Exercise 3 - Single-cell RNA sequencing

 

These exercises are about the integration and annotation in session 3.

Description

We will use data from this study on renal cancer from human cancer.

The full dataset is on ArrayExpress. We will now use 4 samples for now: FCAImmP7277561, FCAImmP7277560, FCAImmP7277553, FCAImmP7277552. These are CD45 +/- cells from liver.

You can also download them from DropBox.

Exercise 0 - Preprocess data [You can skip this and go straight to integration if you want]

• Read in each dataset. Quickly run through creating a seurat object, log normalize, scale, assessing MT, check cell cycle integration. Creating a loop or function will help do this. Check some QC attributes.

Exercise 1 - Integration

• Merge the datasets. How does it look? You can download a list of the 4 datasets after preprocessing from DropBox, or do exercise 0 yourself.

• Integrate the 4 datasets using rPCA

• Integrate the 4 datasets using Harmony

• Assess the integration performance. Here are some marker genes: A1BG and SERPINC1

Exercise 2 - Annotation

• Use the harmony results. Lets annotate using the HumanPrimaryCellAtlasData and ImmGen from celldex. Use singleR.

[Hint: The layers of a Harmony integrated object are kept seperate in the Seurat Object. You made need to run JoinLayers() before exporting the count matrix]

• Lets try annotation using the Allen Brain Map. Use singleR and transfer anchors.

Exercise 3 - Differential expression

• Set up: Using the integrated Seurat object from the AD samples from our lecture, we will look at differentially expressed genes between AD and control subjects in cluster #4 from the ‘seurat_clusters’ metadata group. This object is on dropbox as integrated.rds

• Generate a list of differentially expressed genes for AD vs control in cluster #4 using a Wilcoxon rank sum test. Note: Confirm you are using the ‘seurat_clusters’ group, not the ‘paper_cluster’ group that also exists in the object.

[Hint: Make sure you have the Seurat object properly set up for differential analysis.
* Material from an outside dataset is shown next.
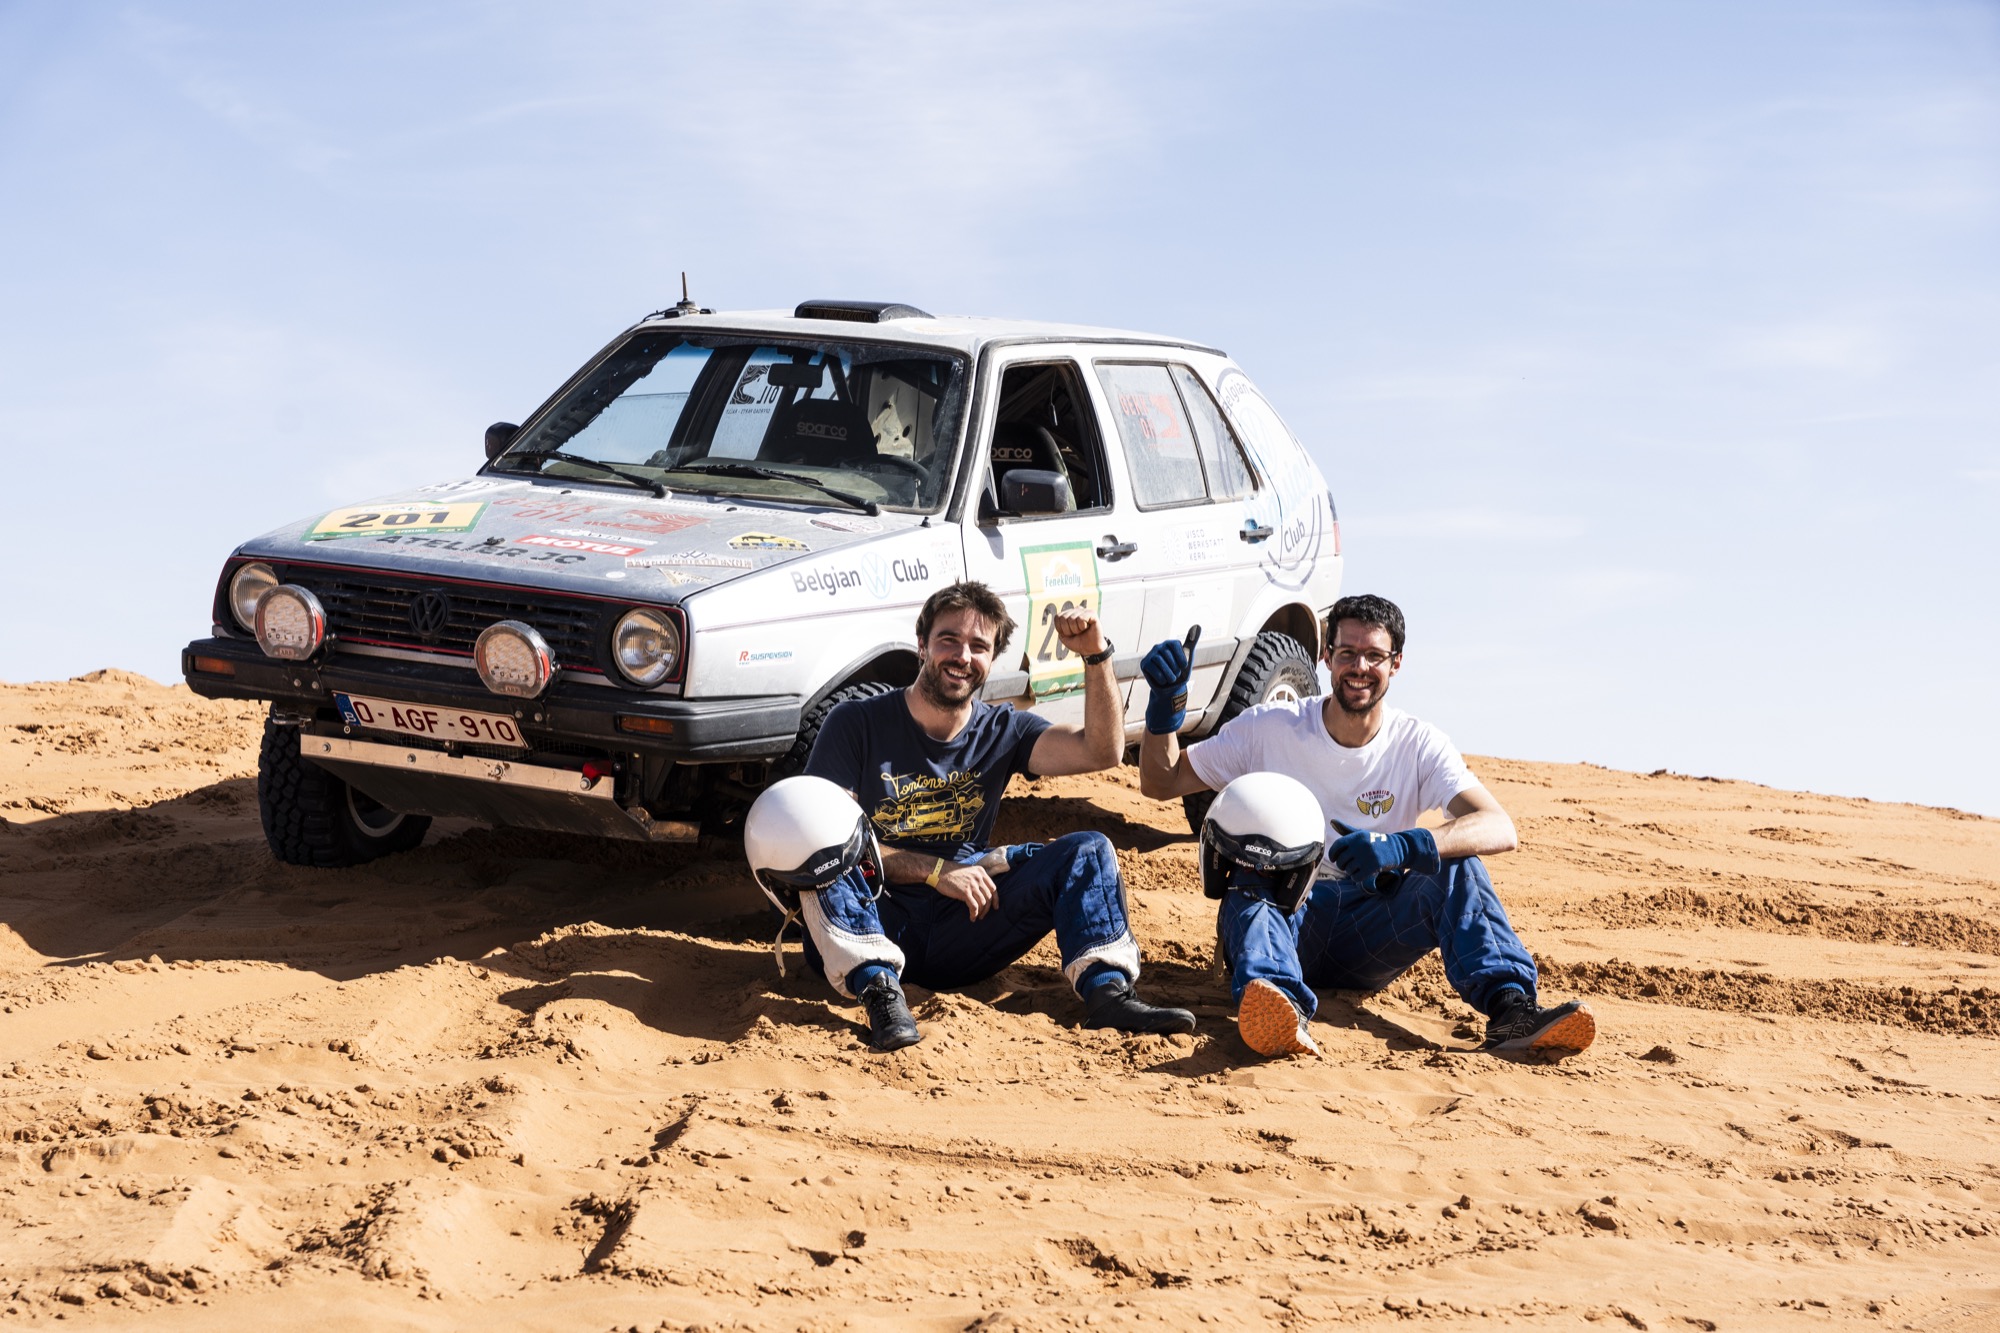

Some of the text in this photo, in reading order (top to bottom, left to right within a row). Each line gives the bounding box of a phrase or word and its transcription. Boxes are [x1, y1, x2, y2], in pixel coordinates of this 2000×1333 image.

Are you using the correct assay? Are the integrated layers joined?]

• Generate a list of genes with differential expression statistics for AD vs control in cluster #4 using MAST. Note: Again, confirm you are using the ‘seurat_clusters’ group, not the ‘paper_cluster’ group that also exists in the object. Sort the table of genes by the ‘FDR’ column.

  • Add the cellular detection rate (CDR) to the model
  • Does CDR correlate with any PCs? [Hint: you may need to go beyond PC1 and PC2 when looking at correlations]
  • Do you think that Sex is a confounding variable for these cells? [Hint: Are there sex specific genes that drive your differential expression?]

• Make one or separate violin plots for the top 5 genes that are going up in AD in this cluster of cells

• Generate a list of genes with differential expression statistics for AD vs control in cluster #4 using a pseudobulk strategy. Use DESeq2 and sort the table by the ‘pvalue’ column from the DESeq2 results.

  • Extra: Make a PCA plot with the aggregated cell counts to support or adjust the decision made about including sex as a confounding variable.

• Compare the differential expression resutls between MAST and pseudobulk

  • How many differential genes overlap between the methods?
  • Do the pvalues and fold changes correlate?